European stock look set to open on a tepid note Tuesday as the 10-year U.S. Treasury yield pushed above 3 percent once again amid Fed tightening worries.
Asian stocks were mostly lower and regional currencies weakened on worries that the Federal Reserve’s rate hikes could drive the U.S. economy into a recession.
The dollar strengthened while the pound trimmed an advance after British Prime Minister Boris Johnson survived a confidence vote among Conservative MPs.
Oil prices rose in Asian trade on expectations of demand recovery in China as Beijing and the commercial hub Shanghai eased COVID-19 curbs and allowed more mobility.
Bitcoin fell back below the $30,000 mark, falling around 5 percent in the last 24 hours.
The European Central Bank meets on Thursday amid expectations it will confirm an end to its long-standing bond buying program and signal a rate hike in July.
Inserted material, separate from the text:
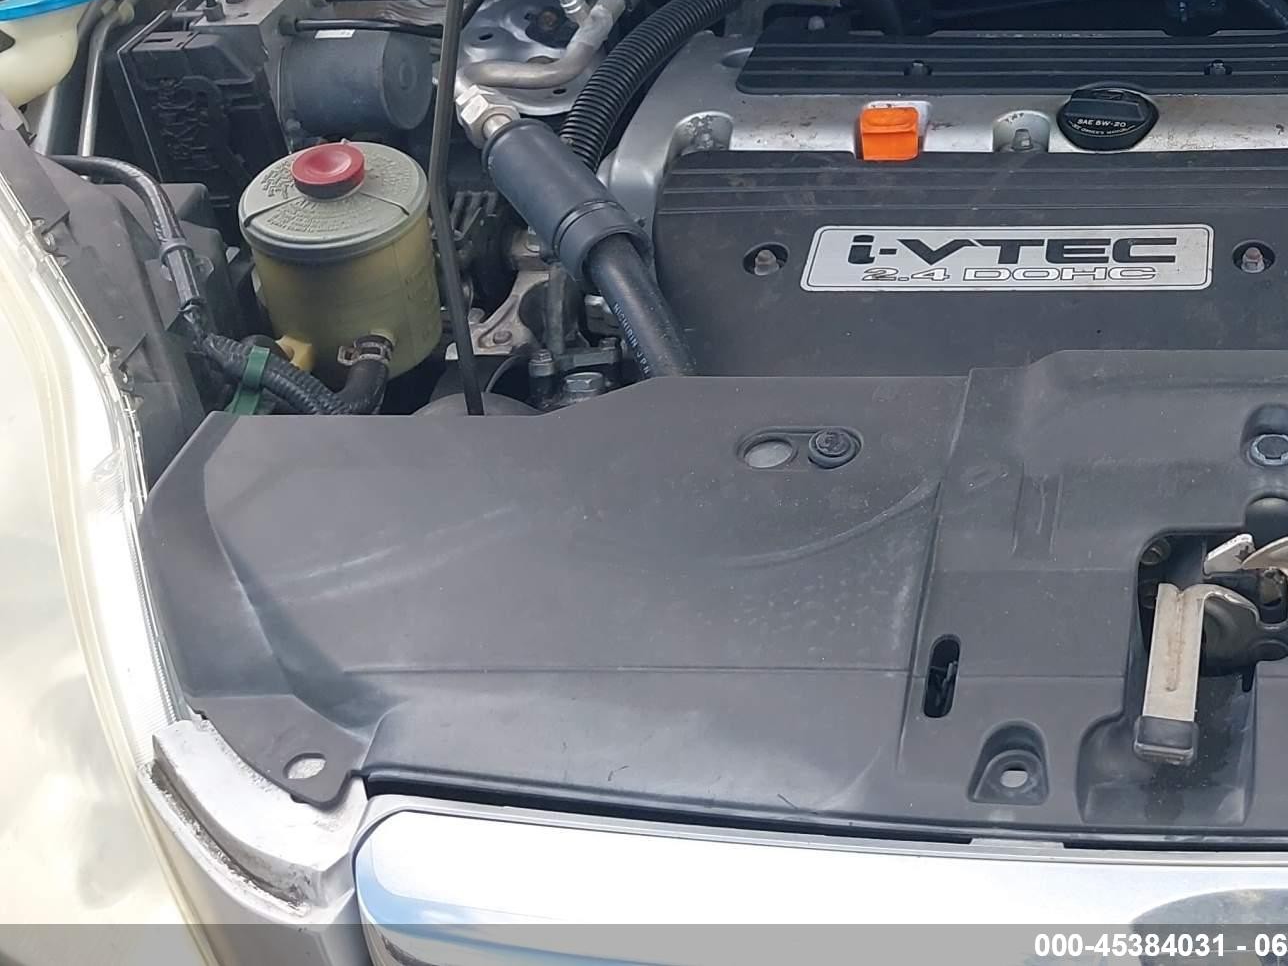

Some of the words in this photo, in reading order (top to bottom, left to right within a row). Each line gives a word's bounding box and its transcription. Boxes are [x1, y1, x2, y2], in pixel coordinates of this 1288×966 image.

Friday’s inflation numbers from the U.S. will provide more clues on the Fed’s rate-hiking path, with half-a-point interest rate hikes at the June and July policy meetings already priced in by markets.
Factory orders and construction Purchasing Managers’ survey results from Germany are due later in the session, headlining a light day for the European economic news.
Overnight, U.S. stocks came off early highs to end slightly higher as yields nudged up and crude oil prices briefly topped $120 per barrel for the first time since March, fueling worries about central bank policy tightening.
The Dow ended on a flat note, while the S&P 500 rose 0.3 percent and the tech-heavy Nasdaq Composite added 0.4 percent.
European stocks closed on a firm note Monday after a series of positive updates from China including the loosening of Covid-19 restrictions, improved services activity data and reports of possible U.S. tariff cut on Chinese goods.
The pan European Stoxx 600 advanced 0.9 percent. The German DAX rallied 1.3 percent, while France’s CAC 40 index and the U.K.’s FTSE 100 both climbed around 1 percent.